My atlas holds her impish marginalia, What is,
she scrawled, the word used to express
the enlitenment of a room?
Apprentice to the Art
Anne Brontë (1820-1849)
Least famous, you were written off
as someone's little sister, mildly subversive,
smiling and subdued, your novels
a schoolgirl's skiving off.
Like Emily, you loved the moors
at sunset, knotted heather, sky like a map
of dream lands hung slightly off center,
so much to be withstood.
Your focused inward glance hardly betrayed
your struggles—crisis
of faith in poems and prayers, governess
plagued by a brother's secrets—mouthing
curses in the nursery of the parsonage.
Or, breathing the sea air for your health
two days before your death,
defending a beast of burden
on Scarborough Sands from a stranger's beating.
Becoming Familiar, the Crow
insists on its own cracked notion of song.

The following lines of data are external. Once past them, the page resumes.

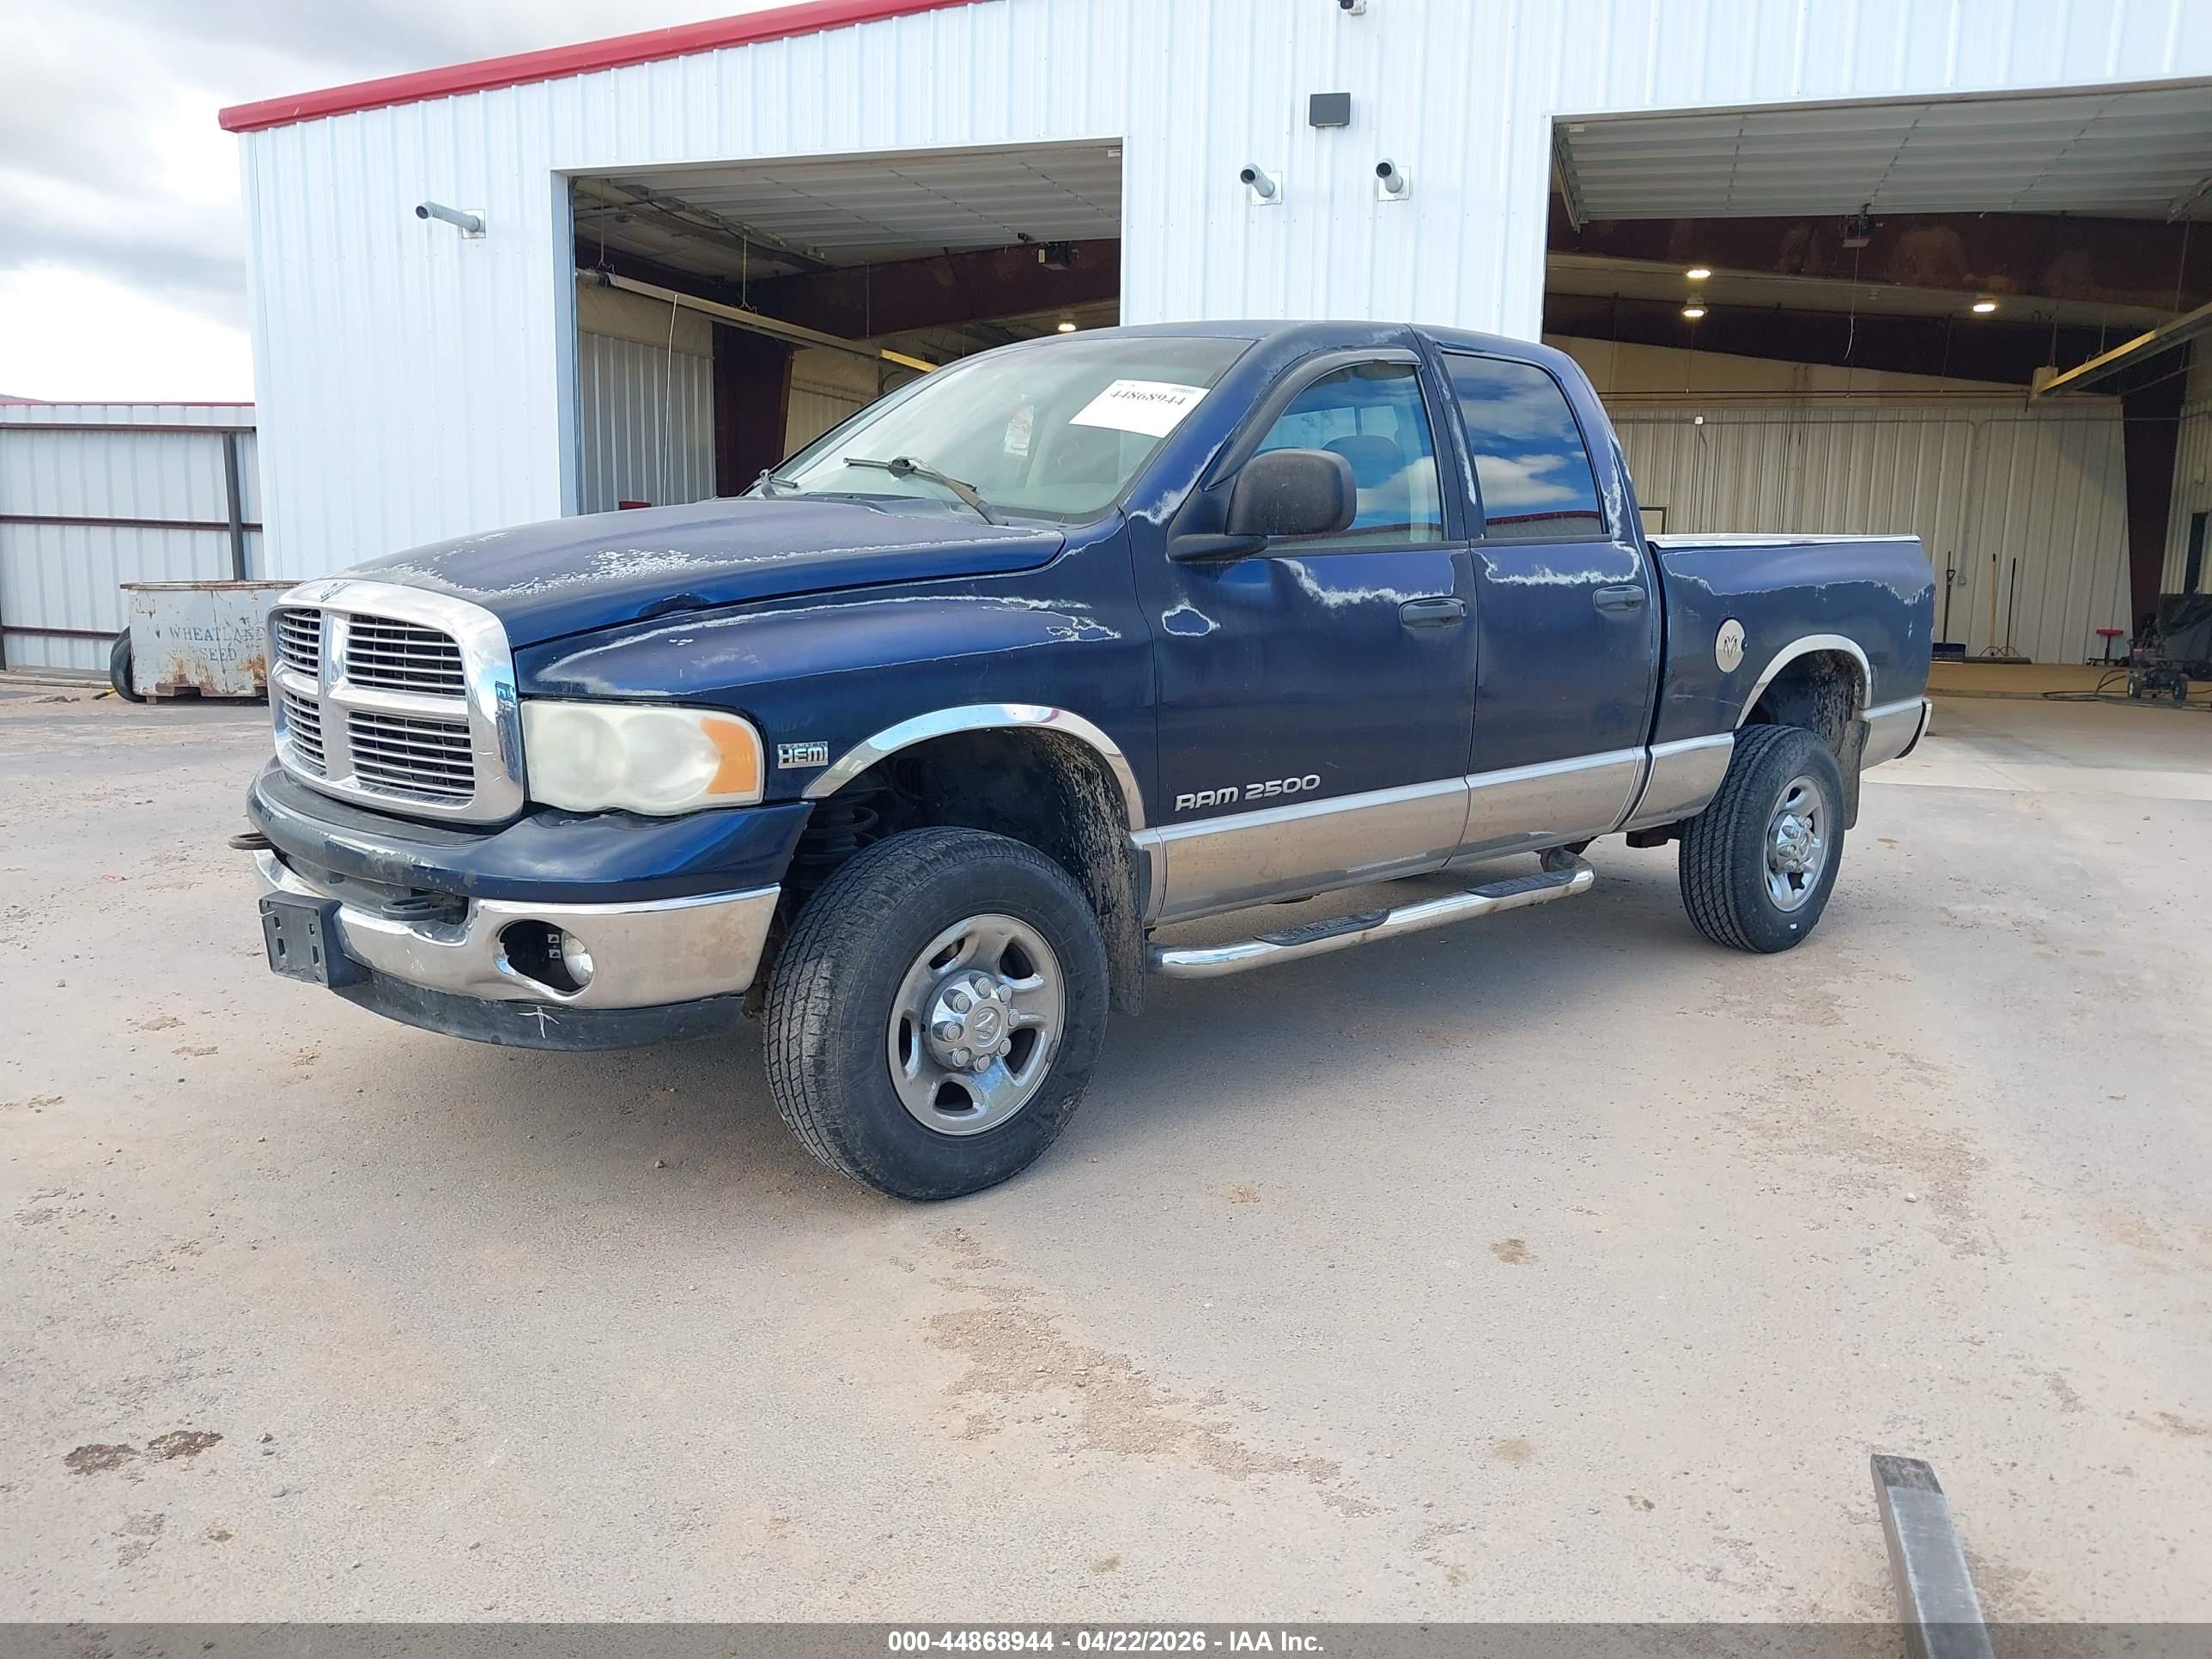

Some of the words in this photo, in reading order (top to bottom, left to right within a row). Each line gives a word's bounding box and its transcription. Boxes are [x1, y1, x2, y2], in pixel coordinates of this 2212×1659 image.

[1109, 389, 1187, 406] 44868944
[169, 626, 265, 642] WHEATLAND
[199, 647, 237, 661] SEED
[1174, 786, 1239, 812] RAM
[1245, 774, 1321, 800] 2500

Its cohorts under the crabapple enjoy, I believe,
their regalia, black going gun-blue
in uncertain light.
Cold caws miming the human
down to sniffles and sobs.
Nothing sylvan in this scene—
thieves and eaters
of scrap over the lawn as if they own it.
A child, touring the Tower,
awed at my grandfather's side,
I stood agog at a world
scratching at seed on cobblestone—filthy
feathers, I thought, wings clipped, unable
to leave the fortress grounds.
I ran ahead and chased a raven, sputtering
as it tried to rise,
limp leg, silent eye
set on a stubborn world.
For years, I dreamt of their
getting even, those ravens
or their kin—as if I, too,
would wake up sometime,
discordant and articulate.
Note: The Tower of London, ca. 1972.
The Most Wuthering Heights Day Ever
An annual gathering held in various locations across the globe since 2016; participants recreate
the music video of British singer Kate Bush's 1978 hit song "Wuthering Heights."

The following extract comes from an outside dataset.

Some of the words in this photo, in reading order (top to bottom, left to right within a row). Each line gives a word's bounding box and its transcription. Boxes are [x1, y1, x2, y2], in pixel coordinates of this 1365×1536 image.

You love it wild—the wind & weather,
red lipstick perfect for a new romance—
Today will be the most Wuthering Heights Day ever.
You've seen the Kate Bush video: voice aquiver,
she sings "Wuthering Heights" half in a trance—
red Cathy dress rippling in the wind & weather.
With green eye shadow you'll conjure moors & heather.
Gals, grannies, bearded blokes will synchronize in dance—
Will today be their most "Wuthering Heights" Day ever?
Some love the song but not the book—whatever!
To Emily, local gossip & happenstance
would yield her novel's whirl of wind & weather,
though scholars wonder, "Did she have a lover?"
Three hundred Cathys attract more than a glance,
moves choreographed: the most "Wuthering Heights" Day ever.
From Dublin to Tel Aviv, fans catch the fever—
cellphones capturing flash mobs as they twirl, advance,
and love it, wildly—the wind and weather
synched for the most Wuthering Heights Day ever.
Link to a recent event
Boudica
During Victoria's reign, a statue to Boudica was raised on the Thames Embankment.
Not the spike-wheeled machines of myth
but wicker chariots swaying over
sometimes marshy ground.
Great grief taking shape: tribal Celts
uniting against the Empire,
moving toward the pitched battle
both sides must have feared.
There, amid the charred remains
of what was then Londinium's
towns and temples and homes,
fire on all horizons, did she look
with horror at what she'd unleashed—
Victory herself amid dense scrolls of smoke,
a common beauty
counting up the costs.
Note: Boudica was Queen of the Iceni who led the Celtic tribes in revolt against the Romans in AD 60. After sacking Camulodundum and Londinium (Colchester and London, respectively), Boudica's army was defeated at Mandnessedum (Mancetter) and she subsequently poisoned herself.